As Microsoft's report points out, there are a few other reasons why crooks like cryptocurrency miners, but it must be said that this love affair is unlikely to last long. For one, CoinHive, one of the most popular in-browser miners, was discontinued a couple of months ago, and although there are other similar tools and services available, none of them seems to be that widespread. This isn't incredibly surprising considering the massive decrease in value that digital coins have experienced over the last year or so. The profit margin is much slimmer now which means that cryptocurrency mining, like many other malicious activities, might be reaching its "Best Before" date. Some things in the cybersecurity world never grow old, though.
Phishing and supply chain attacks are still favored by cybercriminals
Regardless of whether a hacker chooses a strain of ransomware or a cryptocurrency miner as their weapon of choice, they need an initial infection vector. Phishing is one of the oldest and most popular ways of gaining unauthorized access to a computer, and it would appear that most crooks have no intention of switching to anything else. In fact, Microsoft reported that between January and December 2018, there was a 250% jump in the share of inbound messages that were determined to be phishing scams.
Phishing has always been (and will likely continue to be) an incredibly successful infection vector because it exploits the fact that when they're subjected to the right social engineering techniques, human beings are simply not very good at keeping themselves safe. Crooks who play their cards right can easily persuade the regular user to click a link, open a file, or give away valuable information. Some criminals, however, have opted for an approach that doesn't involve that much social engineering.

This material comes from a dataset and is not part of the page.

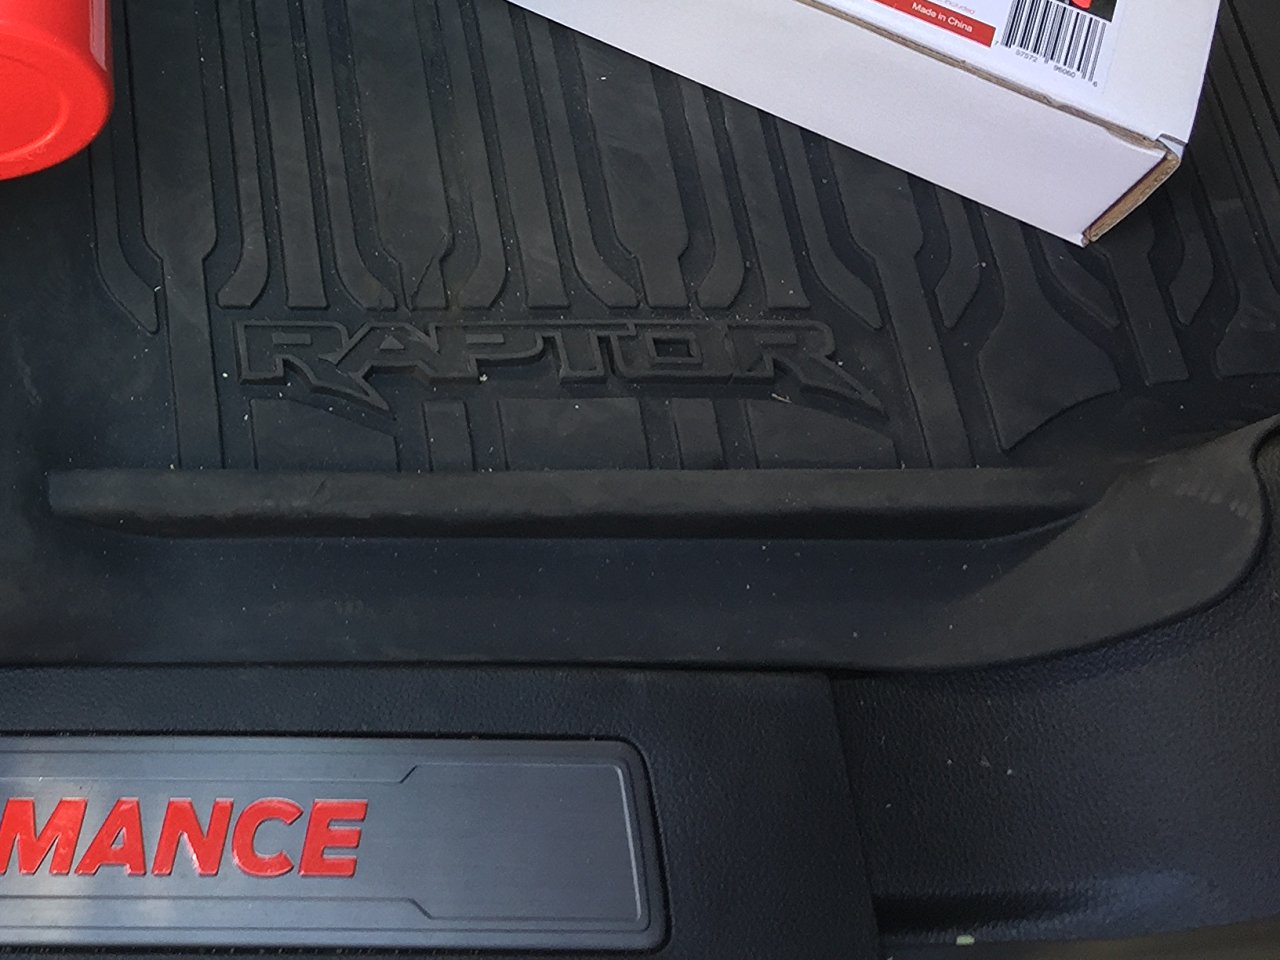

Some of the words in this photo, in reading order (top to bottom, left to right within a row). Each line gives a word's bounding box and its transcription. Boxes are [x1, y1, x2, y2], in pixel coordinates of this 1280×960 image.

[911, 0, 938, 18] Made
[936, 11, 947, 22] in
[946, 14, 973, 33] China
[232, 319, 889, 421] RAPTOR

Microsoft explains that last year also saw an uptick in the number of supply chain attacks. During a supply chain attack, hackers compromise the developer of a popular software application and make the said application behave in a way that it's not supposed to. In one of 2018's most noteworthy supply chain attacks, Piriform, the creator of a popular system optimization app called CCleaner, got hit, and as a result, close to 2.3 million users inadvertently downloaded a backdoored update. Software updates nowadays are, for the most part, completely automated, and people tend to trust them which means that victims are unlikely to figure out that something's not quite right until it's already too late.

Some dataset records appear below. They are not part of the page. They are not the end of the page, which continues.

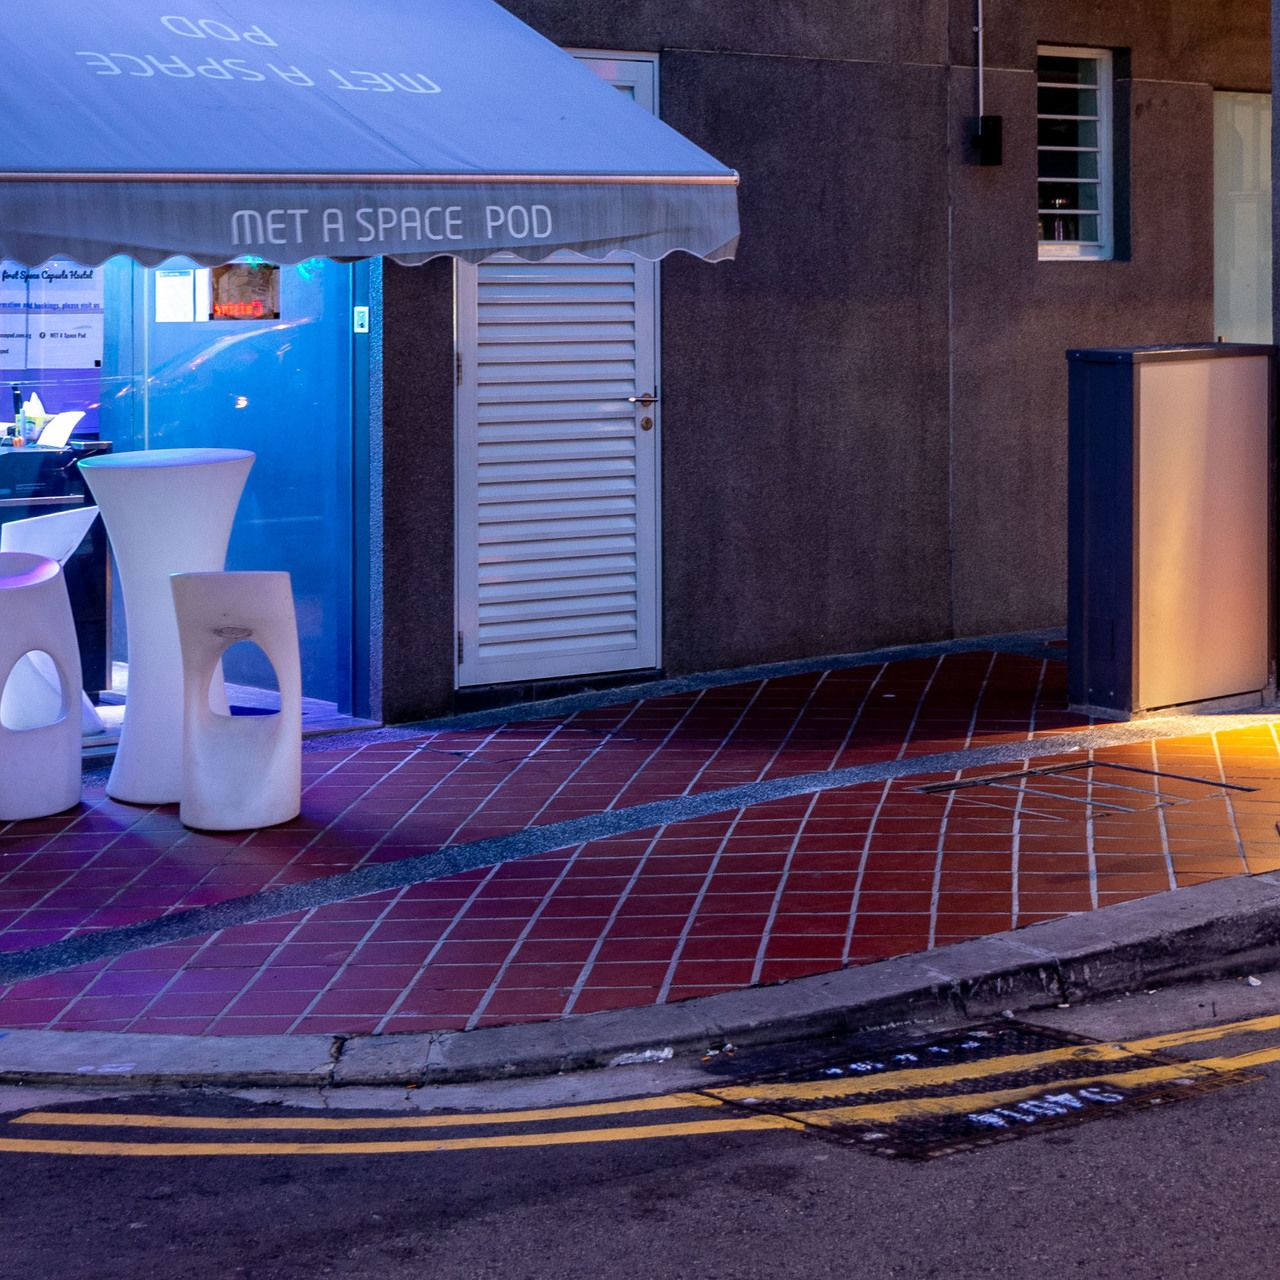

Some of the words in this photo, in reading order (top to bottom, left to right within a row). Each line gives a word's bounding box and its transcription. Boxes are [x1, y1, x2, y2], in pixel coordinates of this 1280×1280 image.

[160, 15, 279, 47] POD
[75, 51, 267, 82] SPACE
[328, 68, 443, 94] MET
[231, 209, 309, 245] MET
[323, 208, 344, 243] A
[356, 206, 463, 242] SPACE
[486, 204, 553, 239] POD
[69, 269, 94, 280] Hostel

It shouldn't really be news to anyone that the threat landscape is not sitting still. Ransomware fell out of favor and was replaced by cryptocurrency miners which will sooner or later be replaced by something else. All these dynamic changes mean that we simply don't have the automated tools to protect us against every single threat which is why keeping our wits about us when we're browsing the web is more important than ever.